Task details:
An exact copy of the entries is required, with every image omitted.

(Saved entries)
§
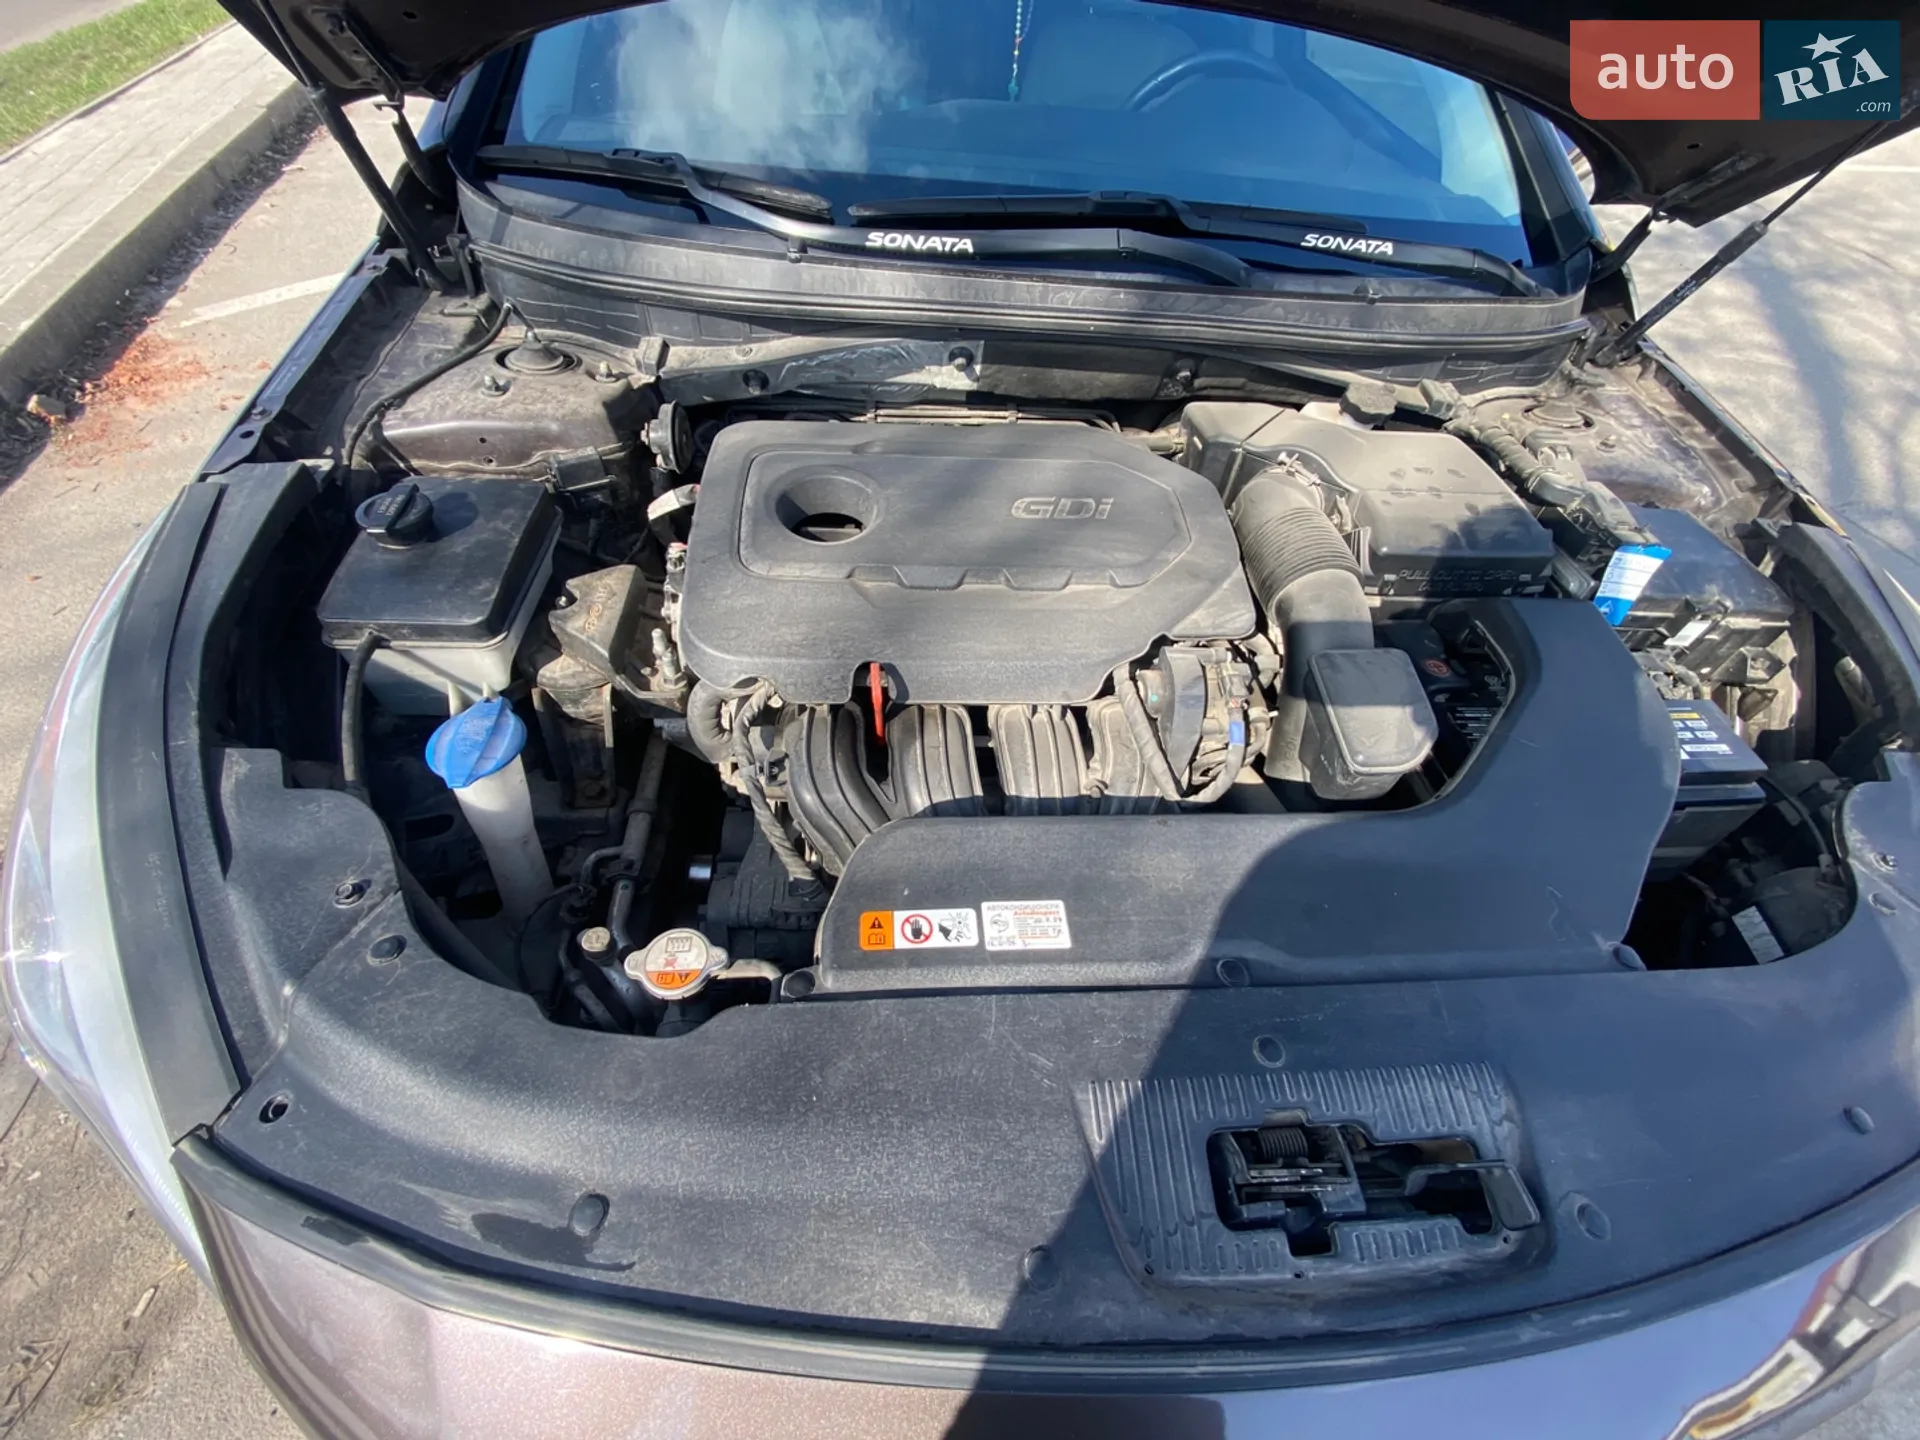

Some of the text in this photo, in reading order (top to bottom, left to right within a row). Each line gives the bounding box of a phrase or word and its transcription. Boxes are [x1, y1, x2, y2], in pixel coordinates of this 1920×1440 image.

[865, 231, 974, 254] SONATA
[1300, 233, 1394, 255] SONATA
[1010, 496, 1115, 519] GDi
[1398, 569, 1431, 580] PULL
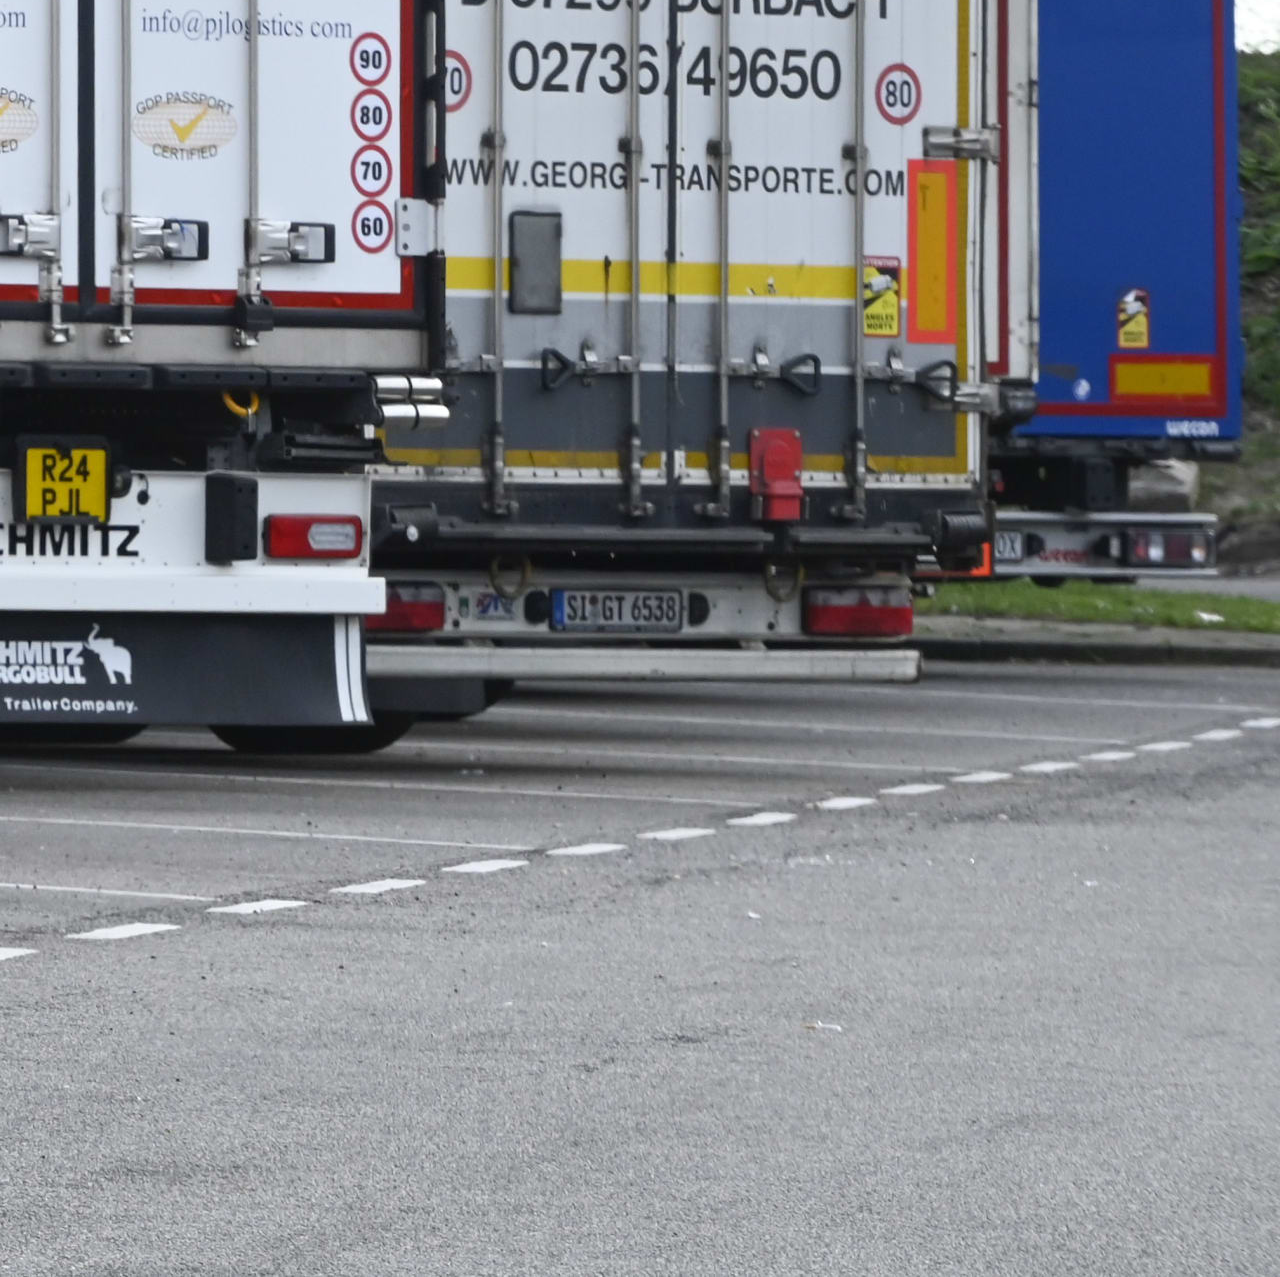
§
Solution:
Some of the text in this photo, in reading order (top to bottom, left to right within a row). Each line gives the bounding box of a phrase or word and its transcription. Boxes are [x1, y1, x2, y2], in pixel coordinates of this 1920×1440 image.

[865, 231, 974, 254] SONATA
[1300, 233, 1394, 255] SONATA
[1010, 496, 1115, 519] GDi
[1398, 569, 1431, 580] PULL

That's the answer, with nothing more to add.